Your objective> Write out, exactly and in full, the records given below, but not their pictures.
Data records: Begin
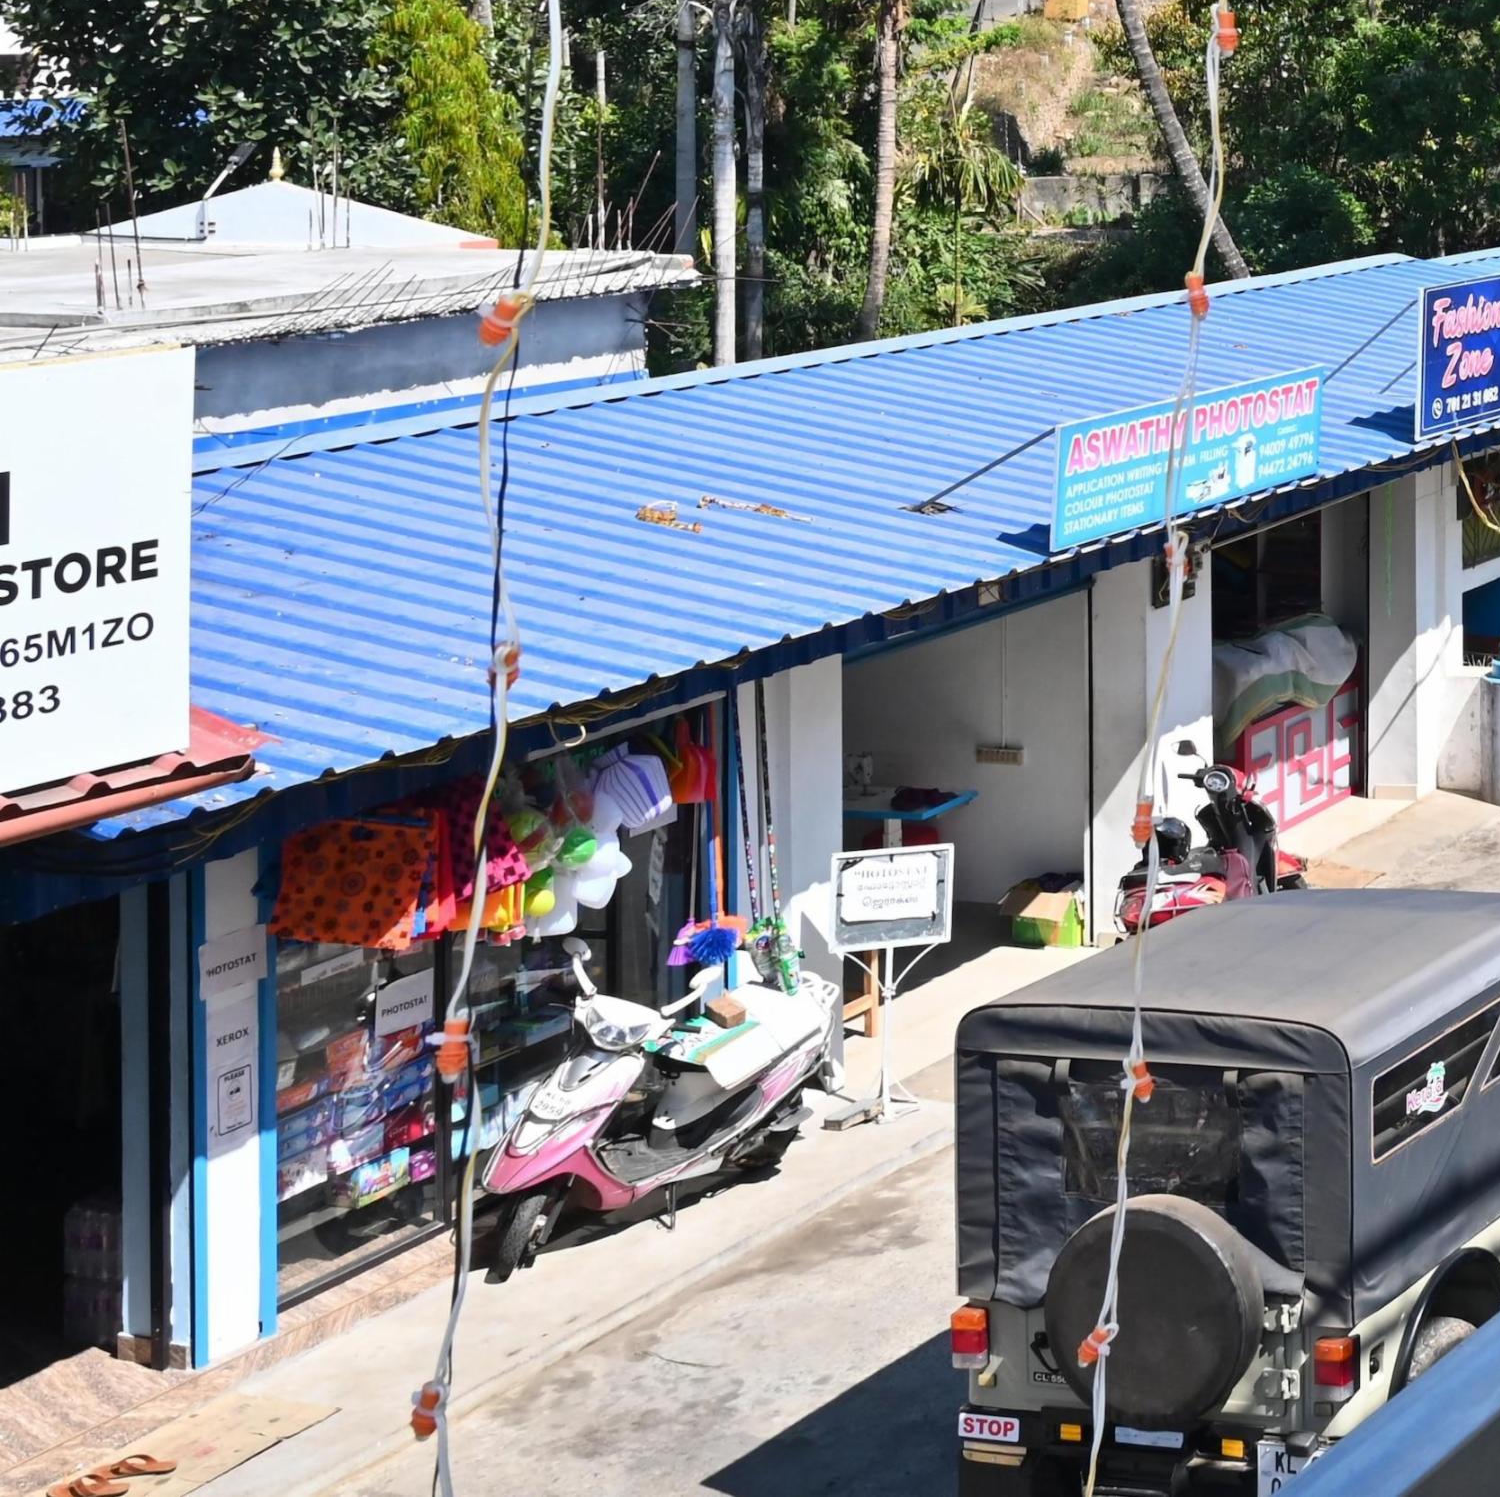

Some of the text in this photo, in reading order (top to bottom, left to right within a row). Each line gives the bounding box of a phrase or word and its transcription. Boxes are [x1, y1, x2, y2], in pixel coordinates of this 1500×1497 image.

[1442, 341, 1494, 389] Zone
[1066, 378, 1320, 477] ASWATHY PHOTOSTAT
[1065, 472, 1125, 499] APPLICATION
[1126, 461, 1163, 483] WRITING
[1199, 445, 1228, 464] FILLING
[1064, 481, 1155, 517] COLOUR PHOTOSTAT
[1063, 501, 1145, 536] STATIONARY ITEMS
[0, 539, 159, 606] STORE
[381, 995, 428, 1018] PHOTOSTAT
[216, 1027, 250, 1048] XEROX
[962, 1417, 1016, 1438] STOP
[1275, 1451, 1298, 1475] KL
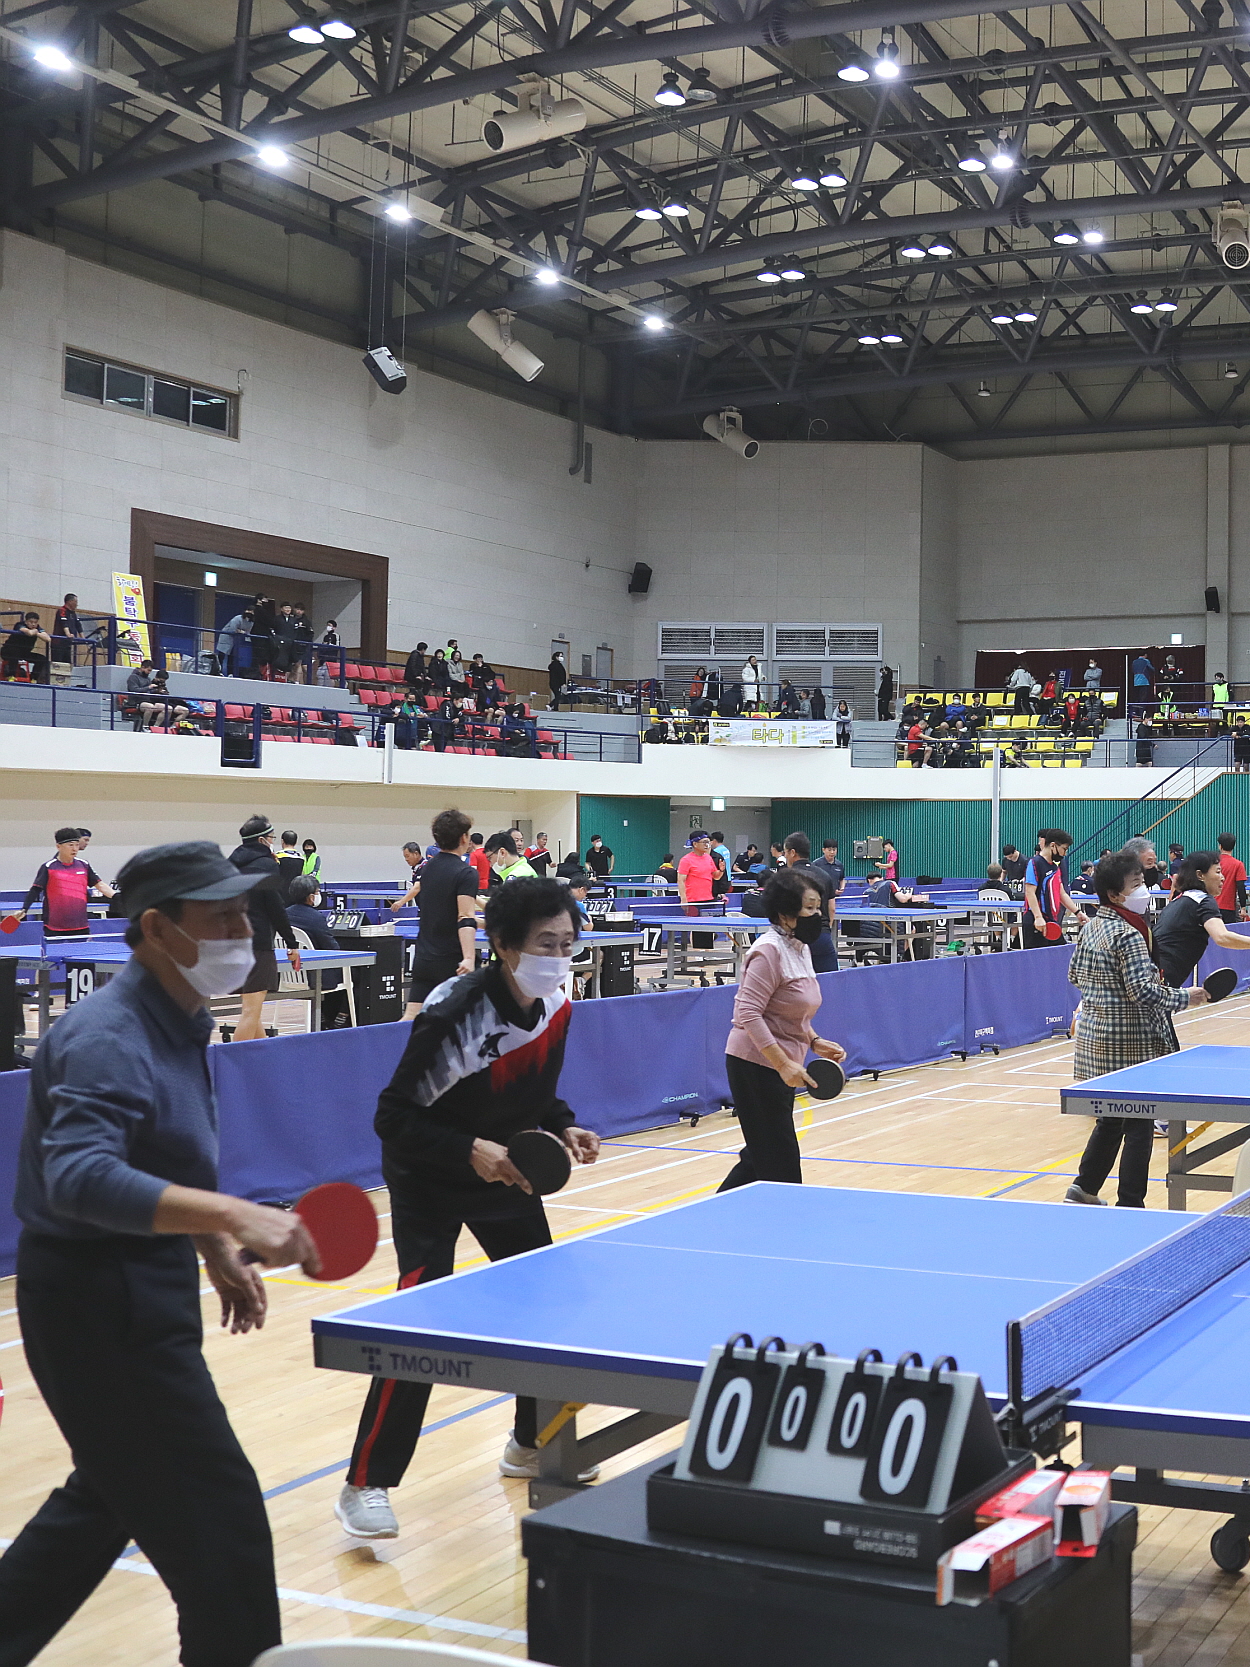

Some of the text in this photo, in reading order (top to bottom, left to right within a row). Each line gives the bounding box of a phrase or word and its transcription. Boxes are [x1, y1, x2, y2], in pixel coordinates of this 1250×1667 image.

[641, 928, 661, 951] 17
[67, 968, 94, 1002] 19
[669, 1092, 699, 1102] CHAMPION
[1107, 1103, 1157, 1114] TMOUNT
[389, 1353, 473, 1378] TMOUNT
[705, 1376, 927, 1495] 0 0 0 0
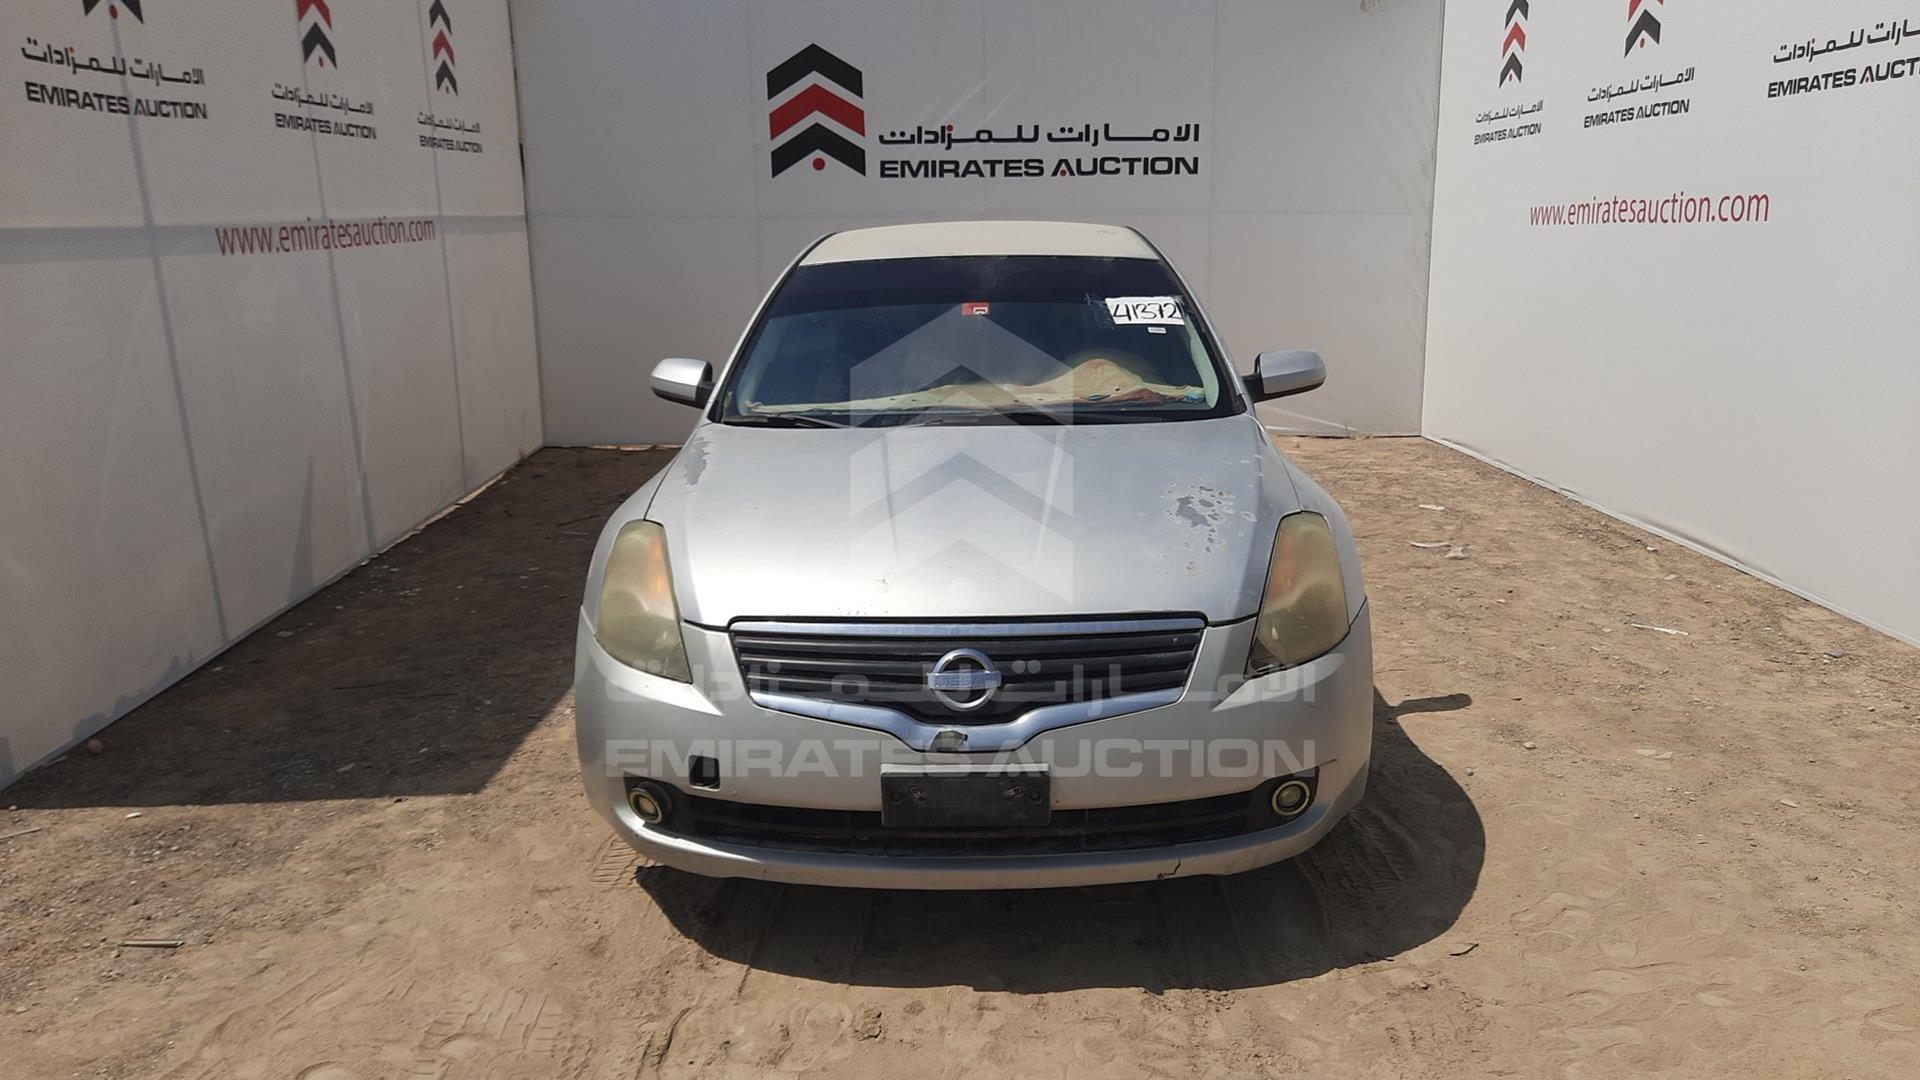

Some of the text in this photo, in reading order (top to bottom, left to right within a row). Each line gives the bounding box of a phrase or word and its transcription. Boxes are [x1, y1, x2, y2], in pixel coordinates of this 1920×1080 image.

[1768, 57, 1920, 98] EMIRATES AUCT
[25, 82, 207, 119] EMIRATES AUCTION
[1584, 98, 1690, 129] EMIRATES AUCTION
[275, 113, 377, 140] EMIRATES AUCTION
[879, 124, 1199, 150] الامارات للمزادات
[1474, 122, 1542, 144] EMIRATES AUCTION
[420, 135, 482, 154] EMIRATES AUCTION
[880, 157, 1198, 178] EMIRATES AUCTION
[1530, 190, 1770, 226] www.emiratesauction.com
[215, 215, 436, 256] www.emiratesauction.com
[1113, 302, 1184, 321] 41372
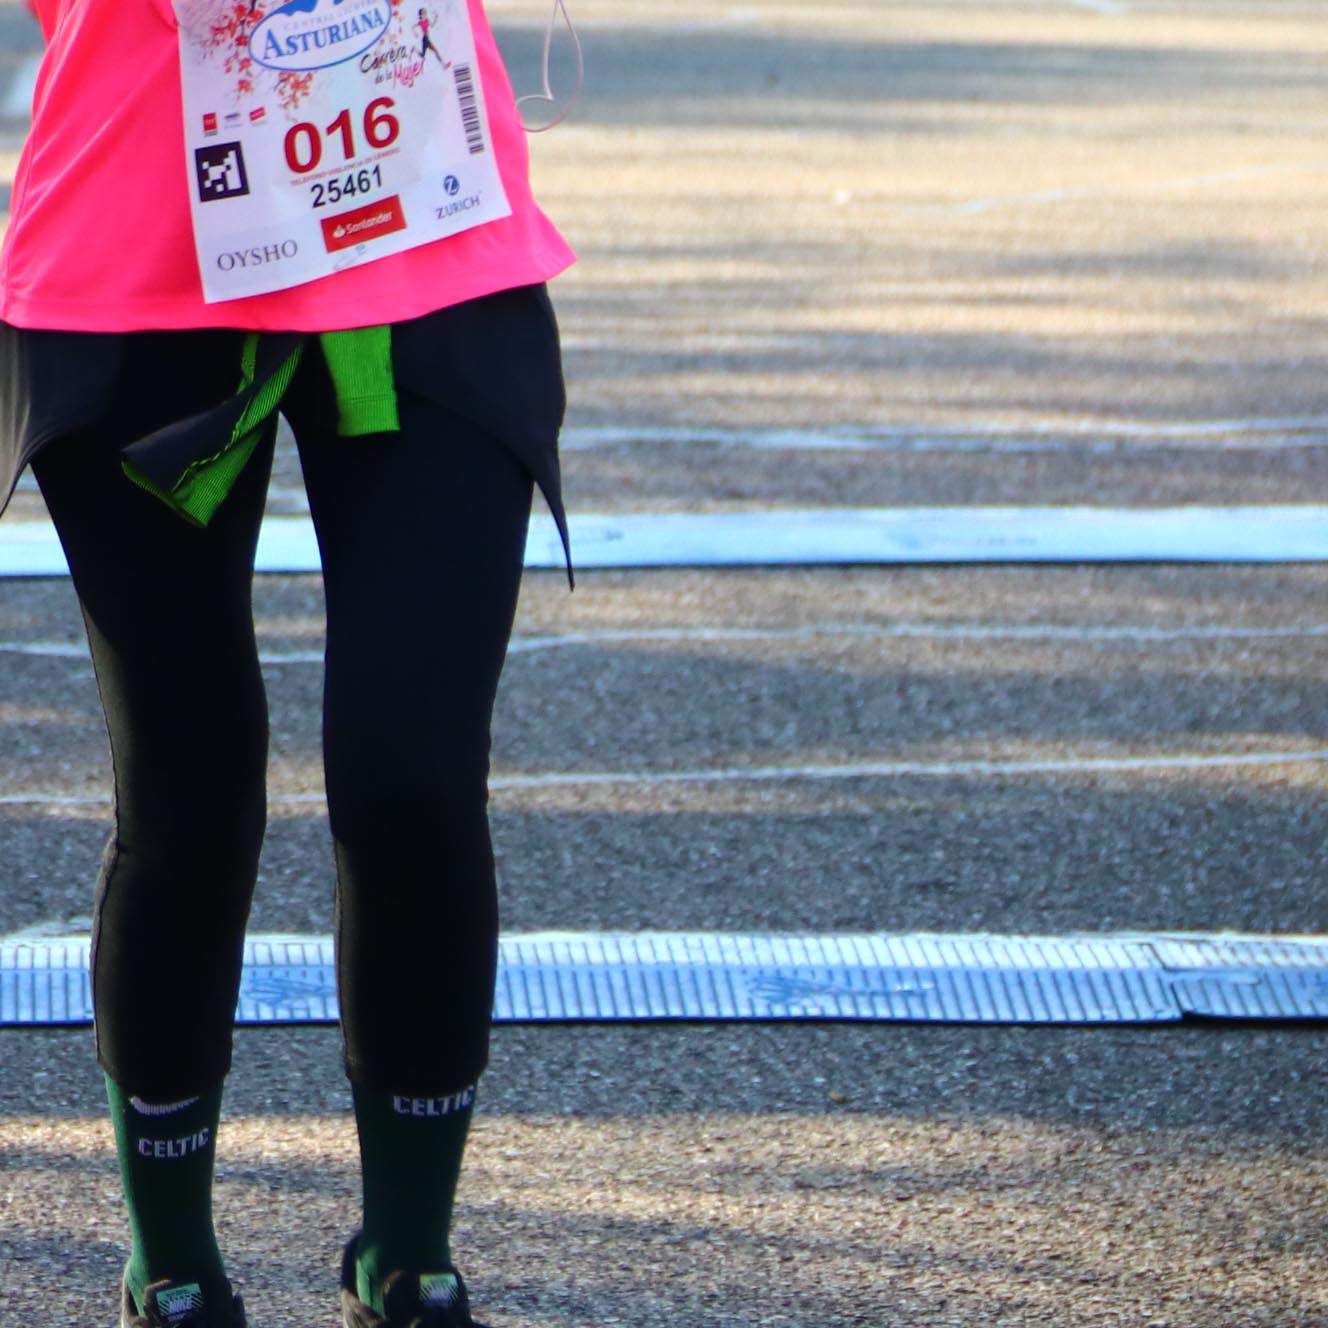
Data records: End
Response>
Some of the text in this photo, in reading order (top to bottom, left to right within a row). Each line gives the bounding box of a phrase or word and its transcription. Boxes are [x1, y1, x2, y2], in pixel coordinates of this 1500×1497 image.

[1442, 341, 1494, 389] Zone
[1066, 378, 1320, 477] ASWATHY PHOTOSTAT
[1065, 472, 1125, 499] APPLICATION
[1126, 461, 1163, 483] WRITING
[1199, 445, 1228, 464] FILLING
[1064, 481, 1155, 517] COLOUR PHOTOSTAT
[1063, 501, 1145, 536] STATIONARY ITEMS
[0, 539, 159, 606] STORE
[381, 995, 428, 1018] PHOTOSTAT
[216, 1027, 250, 1048] XEROX
[962, 1417, 1016, 1438] STOP
[1275, 1451, 1298, 1475] KL

Some of the text in this photo, in reading order (top to bottom, left to right within a row). Each line gives the bounding box of a phrase or word and its transcription. Boxes are [x1, y1, x2, y2], in pixel coordinates of this 1250×1667 image.

[641, 928, 661, 951] 17
[67, 968, 94, 1002] 19
[669, 1092, 699, 1102] CHAMPION
[1107, 1103, 1157, 1114] TMOUNT
[389, 1353, 473, 1378] TMOUNT
[705, 1376, 927, 1495] 0 0 0 0

Some of the text in this photo, in reading order (top to bottom, left to right within a row). Each line gives the bounding box of a phrase or word and its transcription. Boxes are [x1, y1, x2, y2], in pixel coordinates of this 1920×1080 image.

[1768, 57, 1920, 98] EMIRATES AUCT
[25, 82, 207, 119] EMIRATES AUCTION
[1584, 98, 1690, 129] EMIRATES AUCTION
[275, 113, 377, 140] EMIRATES AUCTION
[879, 124, 1199, 150] الامارات للمزادات
[1474, 122, 1542, 144] EMIRATES AUCTION
[420, 135, 482, 154] EMIRATES AUCTION
[880, 157, 1198, 178] EMIRATES AUCTION
[1530, 190, 1770, 226] www.emiratesauction.com
[215, 215, 436, 256] www.emiratesauction.com
[1113, 302, 1184, 321] 41372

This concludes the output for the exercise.